WORK INSTRUCTION »
Would you write out all of the entries below, exactly as they stand?

MATERIAL FOR THE TASK »

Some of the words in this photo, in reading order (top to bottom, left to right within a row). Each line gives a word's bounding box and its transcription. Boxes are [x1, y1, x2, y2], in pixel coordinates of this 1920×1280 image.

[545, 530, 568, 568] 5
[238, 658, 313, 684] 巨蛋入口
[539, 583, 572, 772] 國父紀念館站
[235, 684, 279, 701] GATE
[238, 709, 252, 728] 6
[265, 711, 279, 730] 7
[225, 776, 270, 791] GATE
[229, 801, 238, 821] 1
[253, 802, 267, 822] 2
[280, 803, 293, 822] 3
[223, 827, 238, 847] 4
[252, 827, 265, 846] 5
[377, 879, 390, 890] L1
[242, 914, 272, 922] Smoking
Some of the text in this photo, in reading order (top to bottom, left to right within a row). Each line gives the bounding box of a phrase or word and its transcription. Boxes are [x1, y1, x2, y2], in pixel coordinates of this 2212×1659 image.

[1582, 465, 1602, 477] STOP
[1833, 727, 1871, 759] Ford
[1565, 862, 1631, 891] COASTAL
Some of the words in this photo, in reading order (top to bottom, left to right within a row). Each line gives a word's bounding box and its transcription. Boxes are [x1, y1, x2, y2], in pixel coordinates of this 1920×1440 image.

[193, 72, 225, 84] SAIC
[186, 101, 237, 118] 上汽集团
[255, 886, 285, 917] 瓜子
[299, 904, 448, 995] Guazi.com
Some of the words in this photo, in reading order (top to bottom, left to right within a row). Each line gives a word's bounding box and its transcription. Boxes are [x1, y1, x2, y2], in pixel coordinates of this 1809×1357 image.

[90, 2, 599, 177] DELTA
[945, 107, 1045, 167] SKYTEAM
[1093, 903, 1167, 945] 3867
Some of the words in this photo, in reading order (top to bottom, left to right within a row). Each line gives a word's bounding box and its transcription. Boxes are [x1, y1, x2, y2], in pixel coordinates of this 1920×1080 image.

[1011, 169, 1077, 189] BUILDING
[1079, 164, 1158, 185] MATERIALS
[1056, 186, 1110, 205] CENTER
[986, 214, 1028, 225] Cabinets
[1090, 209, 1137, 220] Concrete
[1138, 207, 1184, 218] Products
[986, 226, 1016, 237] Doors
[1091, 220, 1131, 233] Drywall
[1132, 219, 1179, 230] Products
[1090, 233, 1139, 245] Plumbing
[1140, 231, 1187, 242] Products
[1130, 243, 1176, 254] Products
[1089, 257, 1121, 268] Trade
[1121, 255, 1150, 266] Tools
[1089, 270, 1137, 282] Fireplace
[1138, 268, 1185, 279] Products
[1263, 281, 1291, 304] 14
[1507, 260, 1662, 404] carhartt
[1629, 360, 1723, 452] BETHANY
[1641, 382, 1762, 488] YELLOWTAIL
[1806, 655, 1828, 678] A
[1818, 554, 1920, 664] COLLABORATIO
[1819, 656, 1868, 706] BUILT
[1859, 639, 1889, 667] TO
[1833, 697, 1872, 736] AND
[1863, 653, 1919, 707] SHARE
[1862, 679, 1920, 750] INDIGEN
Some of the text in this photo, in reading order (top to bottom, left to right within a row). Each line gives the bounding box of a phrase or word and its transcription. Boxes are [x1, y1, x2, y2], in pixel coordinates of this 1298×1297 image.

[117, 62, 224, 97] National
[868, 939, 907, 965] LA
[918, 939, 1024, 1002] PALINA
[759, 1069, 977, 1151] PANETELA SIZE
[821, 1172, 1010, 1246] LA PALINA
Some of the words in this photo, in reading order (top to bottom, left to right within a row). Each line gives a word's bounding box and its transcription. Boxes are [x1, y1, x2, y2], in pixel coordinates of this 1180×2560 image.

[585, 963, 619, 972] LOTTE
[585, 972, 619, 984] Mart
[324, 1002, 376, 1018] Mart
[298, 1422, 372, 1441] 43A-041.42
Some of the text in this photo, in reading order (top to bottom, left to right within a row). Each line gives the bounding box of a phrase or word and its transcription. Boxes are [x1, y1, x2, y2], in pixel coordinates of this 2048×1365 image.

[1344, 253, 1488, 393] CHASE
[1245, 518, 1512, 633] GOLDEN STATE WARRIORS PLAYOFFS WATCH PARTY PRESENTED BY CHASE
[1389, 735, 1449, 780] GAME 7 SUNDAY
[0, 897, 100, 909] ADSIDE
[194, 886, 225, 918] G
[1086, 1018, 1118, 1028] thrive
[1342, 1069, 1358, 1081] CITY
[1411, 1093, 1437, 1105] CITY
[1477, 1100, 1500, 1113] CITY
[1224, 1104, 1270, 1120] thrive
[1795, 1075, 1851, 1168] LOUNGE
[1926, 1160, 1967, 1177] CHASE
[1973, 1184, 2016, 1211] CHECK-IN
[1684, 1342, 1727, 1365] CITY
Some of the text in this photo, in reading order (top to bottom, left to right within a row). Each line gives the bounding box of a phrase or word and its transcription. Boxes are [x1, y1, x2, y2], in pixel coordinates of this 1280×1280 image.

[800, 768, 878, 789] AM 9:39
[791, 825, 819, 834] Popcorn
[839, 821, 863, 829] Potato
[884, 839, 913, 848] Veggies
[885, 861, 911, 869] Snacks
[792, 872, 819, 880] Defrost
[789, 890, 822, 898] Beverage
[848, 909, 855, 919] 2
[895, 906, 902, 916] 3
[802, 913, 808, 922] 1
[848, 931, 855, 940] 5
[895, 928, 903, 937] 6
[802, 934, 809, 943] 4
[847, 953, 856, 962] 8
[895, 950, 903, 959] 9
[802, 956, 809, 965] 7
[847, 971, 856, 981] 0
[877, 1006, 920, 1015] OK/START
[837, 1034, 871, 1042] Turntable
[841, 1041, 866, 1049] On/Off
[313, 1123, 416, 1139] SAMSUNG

EXERCISE OUTPUT »
Some of the words in this photo, in reading order (top to bottom, left to right within a row). Each line gives a word's bounding box and its transcription. Boxes are [x1, y1, x2, y2], in pixel coordinates of this 1920×1280 image.

[545, 530, 568, 568] 5
[238, 658, 313, 684] 巨蛋入口
[539, 583, 572, 772] 國父紀念館站
[235, 684, 279, 701] GATE
[238, 709, 252, 728] 6
[265, 711, 279, 730] 7
[225, 776, 270, 791] GATE
[229, 801, 238, 821] 1
[253, 802, 267, 822] 2
[280, 803, 293, 822] 3
[223, 827, 238, 847] 4
[252, 827, 265, 846] 5
[377, 879, 390, 890] L1
[242, 914, 272, 922] Smoking
Some of the text in this photo, in reading order (top to bottom, left to right within a row). Each line gives the bounding box of a phrase or word and its transcription. Boxes are [x1, y1, x2, y2], in pixel coordinates of this 2212×1659 image.

[1582, 465, 1602, 477] STOP
[1833, 727, 1871, 759] Ford
[1565, 862, 1631, 891] COASTAL
Some of the words in this photo, in reading order (top to bottom, left to right within a row). Each line gives a word's bounding box and its transcription. Boxes are [x1, y1, x2, y2], in pixel coordinates of this 1920×1440 image.

[193, 72, 225, 84] SAIC
[186, 101, 237, 118] 上汽集团
[255, 886, 285, 917] 瓜子
[299, 904, 448, 995] Guazi.com
Some of the words in this photo, in reading order (top to bottom, left to right within a row). Each line gives a word's bounding box and its transcription. Boxes are [x1, y1, x2, y2], in pixel coordinates of this 1809×1357 image.

[90, 2, 599, 177] DELTA
[945, 107, 1045, 167] SKYTEAM
[1093, 903, 1167, 945] 3867
Some of the words in this photo, in reading order (top to bottom, left to right within a row). Each line gives a word's bounding box and its transcription. Boxes are [x1, y1, x2, y2], in pixel coordinates of this 1920×1080 image.

[1011, 169, 1077, 189] BUILDING
[1079, 164, 1158, 185] MATERIALS
[1056, 186, 1110, 205] CENTER
[986, 214, 1028, 225] Cabinets
[1090, 209, 1137, 220] Concrete
[1138, 207, 1184, 218] Products
[986, 226, 1016, 237] Doors
[1091, 220, 1131, 233] Drywall
[1132, 219, 1179, 230] Products
[1090, 233, 1139, 245] Plumbing
[1140, 231, 1187, 242] Products
[1130, 243, 1176, 254] Products
[1089, 257, 1121, 268] Trade
[1121, 255, 1150, 266] Tools
[1089, 270, 1137, 282] Fireplace
[1138, 268, 1185, 279] Products
[1263, 281, 1291, 304] 14
[1507, 260, 1662, 404] carhartt
[1629, 360, 1723, 452] BETHANY
[1641, 382, 1762, 488] YELLOWTAIL
[1806, 655, 1828, 678] A
[1818, 554, 1920, 664] COLLABORATIO
[1819, 656, 1868, 706] BUILT
[1859, 639, 1889, 667] TO
[1833, 697, 1872, 736] AND
[1863, 653, 1919, 707] SHARE
[1862, 679, 1920, 750] INDIGEN
Some of the text in this photo, in reading order (top to bottom, left to right within a row). Each line gives the bounding box of a phrase or word and its transcription. Boxes are [x1, y1, x2, y2], in pixel coordinates of this 1298×1297 image.

[117, 62, 224, 97] National
[868, 939, 907, 965] LA
[918, 939, 1024, 1002] PALINA
[759, 1069, 977, 1151] PANETELA SIZE
[821, 1172, 1010, 1246] LA PALINA
Some of the words in this photo, in reading order (top to bottom, left to right within a row). Each line gives a word's bounding box and its transcription. Boxes are [x1, y1, x2, y2], in pixel coordinates of this 1180×2560 image.

[585, 963, 619, 972] LOTTE
[585, 972, 619, 984] Mart
[324, 1002, 376, 1018] Mart
[298, 1422, 372, 1441] 43A-041.42
Some of the text in this photo, in reading order (top to bottom, left to right within a row). Each line gives the bounding box of a phrase or word and its transcription. Boxes are [x1, y1, x2, y2], in pixel coordinates of this 2048×1365 image.

[1344, 253, 1488, 393] CHASE
[1245, 518, 1512, 633] GOLDEN STATE WARRIORS PLAYOFFS WATCH PARTY PRESENTED BY CHASE
[1389, 735, 1449, 780] GAME 7 SUNDAY
[0, 897, 100, 909] ADSIDE
[194, 886, 225, 918] G
[1086, 1018, 1118, 1028] thrive
[1342, 1069, 1358, 1081] CITY
[1411, 1093, 1437, 1105] CITY
[1477, 1100, 1500, 1113] CITY
[1224, 1104, 1270, 1120] thrive
[1795, 1075, 1851, 1168] LOUNGE
[1926, 1160, 1967, 1177] CHASE
[1973, 1184, 2016, 1211] CHECK-IN
[1684, 1342, 1727, 1365] CITY
Some of the text in this photo, in reading order (top to bottom, left to right within a row). Each line gives the bounding box of a phrase or word and its transcription. Boxes are [x1, y1, x2, y2], in pixel coordinates of this 1280×1280 image.

[800, 768, 878, 789] AM 9:39
[791, 825, 819, 834] Popcorn
[839, 821, 863, 829] Potato
[884, 839, 913, 848] Veggies
[885, 861, 911, 869] Snacks
[792, 872, 819, 880] Defrost
[789, 890, 822, 898] Beverage
[848, 909, 855, 919] 2
[895, 906, 902, 916] 3
[802, 913, 808, 922] 1
[848, 931, 855, 940] 5
[895, 928, 903, 937] 6
[802, 934, 809, 943] 4
[847, 953, 856, 962] 8
[895, 950, 903, 959] 9
[802, 956, 809, 965] 7
[847, 971, 856, 981] 0
[877, 1006, 920, 1015] OK/START
[837, 1034, 871, 1042] Turntable
[841, 1041, 866, 1049] On/Off
[313, 1123, 416, 1139] SAMSUNG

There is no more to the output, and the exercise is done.